• [What is being asked]: Could you transcribe every entry below exactly, leaving out the pictures?

■ ■ ■ ■

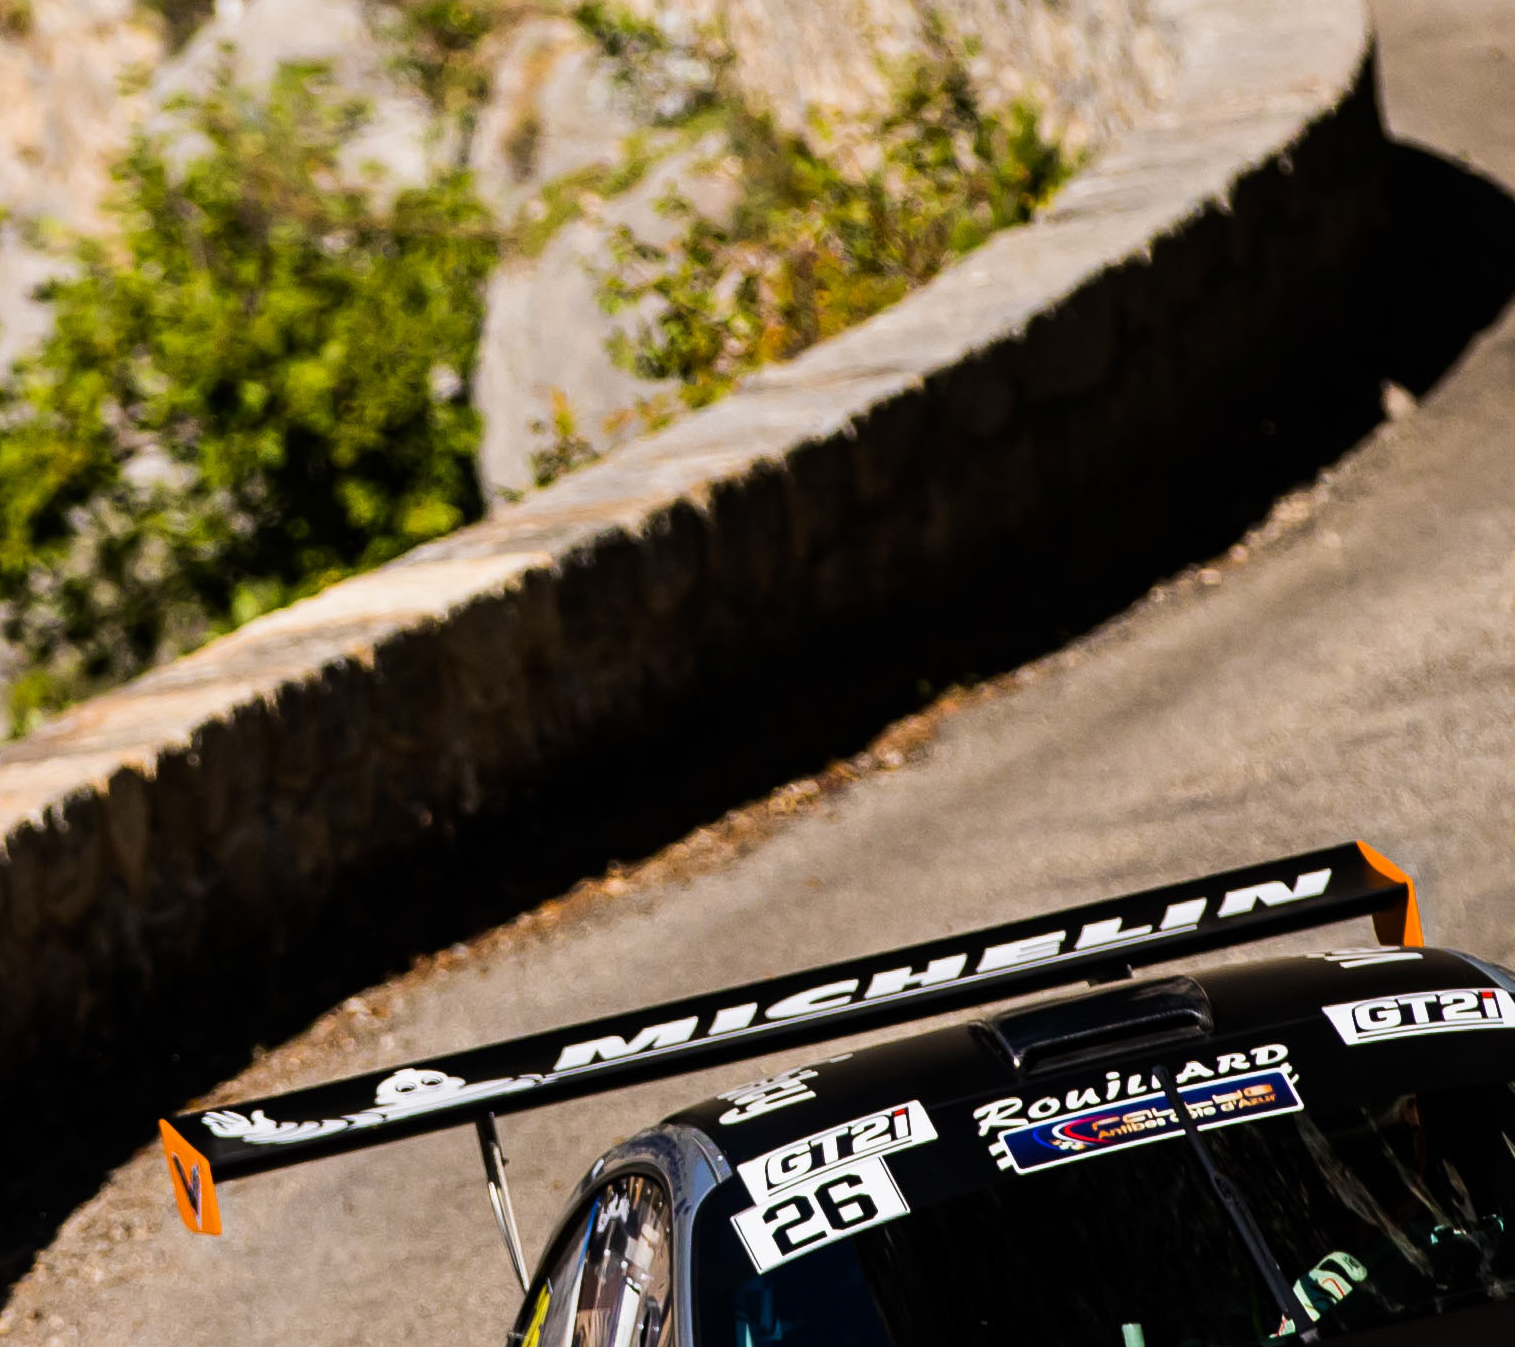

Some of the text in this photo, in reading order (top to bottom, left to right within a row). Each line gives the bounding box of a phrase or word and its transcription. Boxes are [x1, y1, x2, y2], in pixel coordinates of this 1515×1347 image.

[553, 867, 1332, 1072] MICHELIN
[1351, 989, 1501, 1032] GT2i
[764, 1107, 912, 1191] GT2i
[761, 1173, 879, 1257] 26

■ ■ ■ ■

• [Task result]:
Some of the text in this photo, in reading order (top to bottom, left to right within a row). Each line gives the bounding box of a phrase or word and its transcription. Boxes are [x1, y1, x2, y2], in pixel coordinates of this 1515×1347 image.

[553, 867, 1332, 1072] MICHELIN
[1351, 989, 1501, 1032] GT2i
[764, 1107, 912, 1191] GT2i
[761, 1173, 879, 1257] 26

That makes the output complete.